Will you extract the entries word for word? Images should not appear in the copy.

:: EXCERPTED DATA

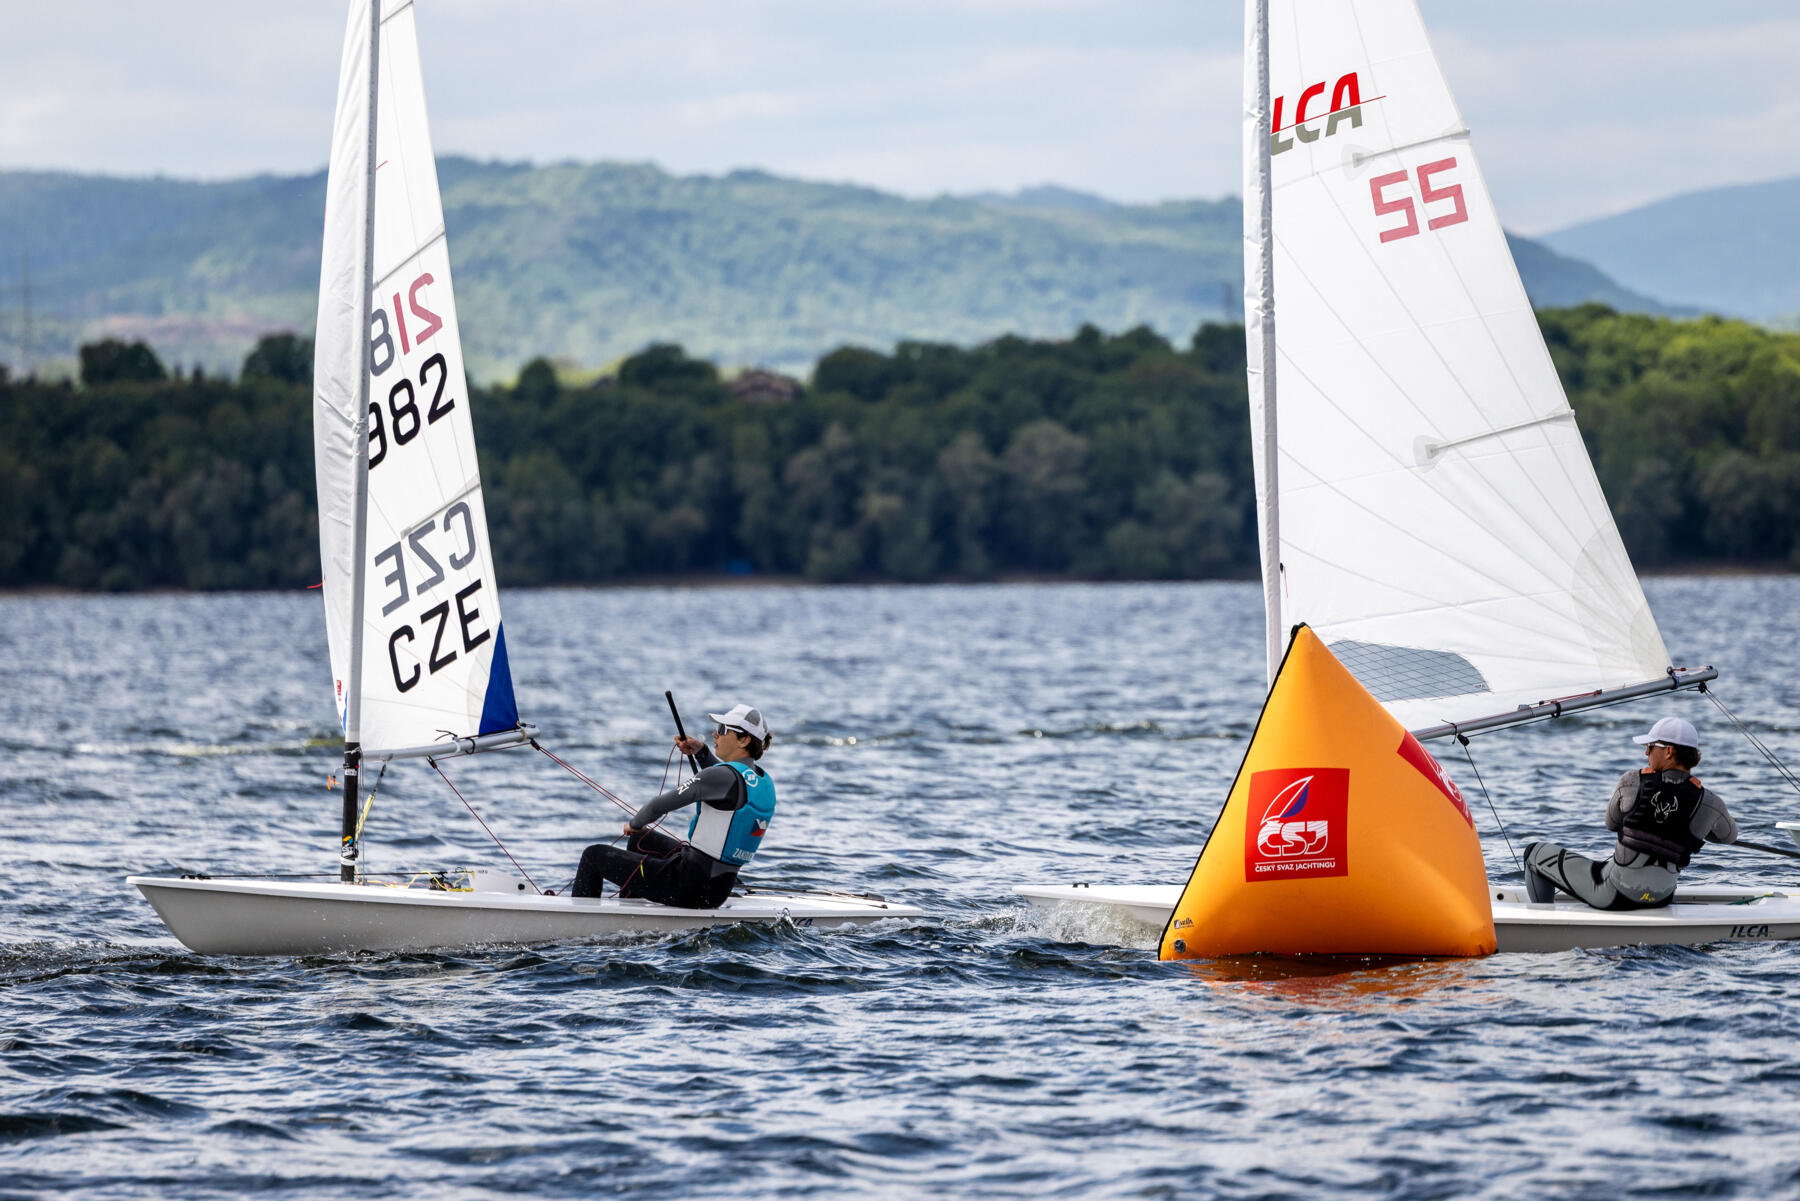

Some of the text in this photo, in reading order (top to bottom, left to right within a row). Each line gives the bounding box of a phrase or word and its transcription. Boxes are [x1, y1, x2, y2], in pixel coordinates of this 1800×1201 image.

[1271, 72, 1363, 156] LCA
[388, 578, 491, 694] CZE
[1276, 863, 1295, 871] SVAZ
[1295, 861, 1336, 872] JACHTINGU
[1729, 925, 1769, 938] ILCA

::::

| RESULT OF THE EXERCISE |
Some of the text in this photo, in reading order (top to bottom, left to right within a row). Each line gives the bounding box of a phrase or word and its transcription. Boxes are [x1, y1, x2, y2], in pixel coordinates of this 1800×1201 image.

[1271, 72, 1363, 156] LCA
[388, 578, 491, 694] CZE
[1276, 863, 1295, 871] SVAZ
[1295, 861, 1336, 872] JACHTINGU
[1729, 925, 1769, 938] ILCA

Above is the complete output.